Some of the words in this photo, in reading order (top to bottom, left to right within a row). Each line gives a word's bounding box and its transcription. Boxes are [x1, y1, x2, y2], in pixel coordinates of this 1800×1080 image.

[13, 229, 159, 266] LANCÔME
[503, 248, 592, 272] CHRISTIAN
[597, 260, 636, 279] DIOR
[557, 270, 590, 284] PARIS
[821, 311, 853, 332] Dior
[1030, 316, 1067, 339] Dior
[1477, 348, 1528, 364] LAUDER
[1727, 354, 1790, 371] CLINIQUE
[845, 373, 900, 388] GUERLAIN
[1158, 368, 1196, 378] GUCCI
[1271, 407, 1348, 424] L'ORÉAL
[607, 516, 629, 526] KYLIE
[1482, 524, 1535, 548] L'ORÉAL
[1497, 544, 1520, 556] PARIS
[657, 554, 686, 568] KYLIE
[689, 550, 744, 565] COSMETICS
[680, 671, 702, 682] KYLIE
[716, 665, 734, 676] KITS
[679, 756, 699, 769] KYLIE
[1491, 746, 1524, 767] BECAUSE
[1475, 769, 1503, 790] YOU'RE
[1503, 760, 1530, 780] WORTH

· · · · ·

## What this task involves
Copy each record exactly, leaving nothing out.

## Solution to this problem
Some of the words in this photo, in reading order (top to bottom, left to right within a row). Each line gives a word's bounding box and its transcription. Boxes are [x1, y1, x2, y2], in pixel coordinates of this 1800×1080 image.

[13, 229, 159, 266] LANCÔME
[503, 248, 592, 272] CHRISTIAN
[597, 260, 636, 279] DIOR
[557, 270, 590, 284] PARIS
[821, 311, 853, 332] Dior
[1030, 316, 1067, 339] Dior
[1477, 348, 1528, 364] LAUDER
[1727, 354, 1790, 371] CLINIQUE
[845, 373, 900, 388] GUERLAIN
[1158, 368, 1196, 378] GUCCI
[1271, 407, 1348, 424] L'ORÉAL
[607, 516, 629, 526] KYLIE
[1482, 524, 1535, 548] L'ORÉAL
[1497, 544, 1520, 556] PARIS
[657, 554, 686, 568] KYLIE
[689, 550, 744, 565] COSMETICS
[680, 671, 702, 682] KYLIE
[716, 665, 734, 676] KITS
[679, 756, 699, 769] KYLIE
[1491, 746, 1524, 767] BECAUSE
[1475, 769, 1503, 790] YOU'RE
[1503, 760, 1530, 780] WORTH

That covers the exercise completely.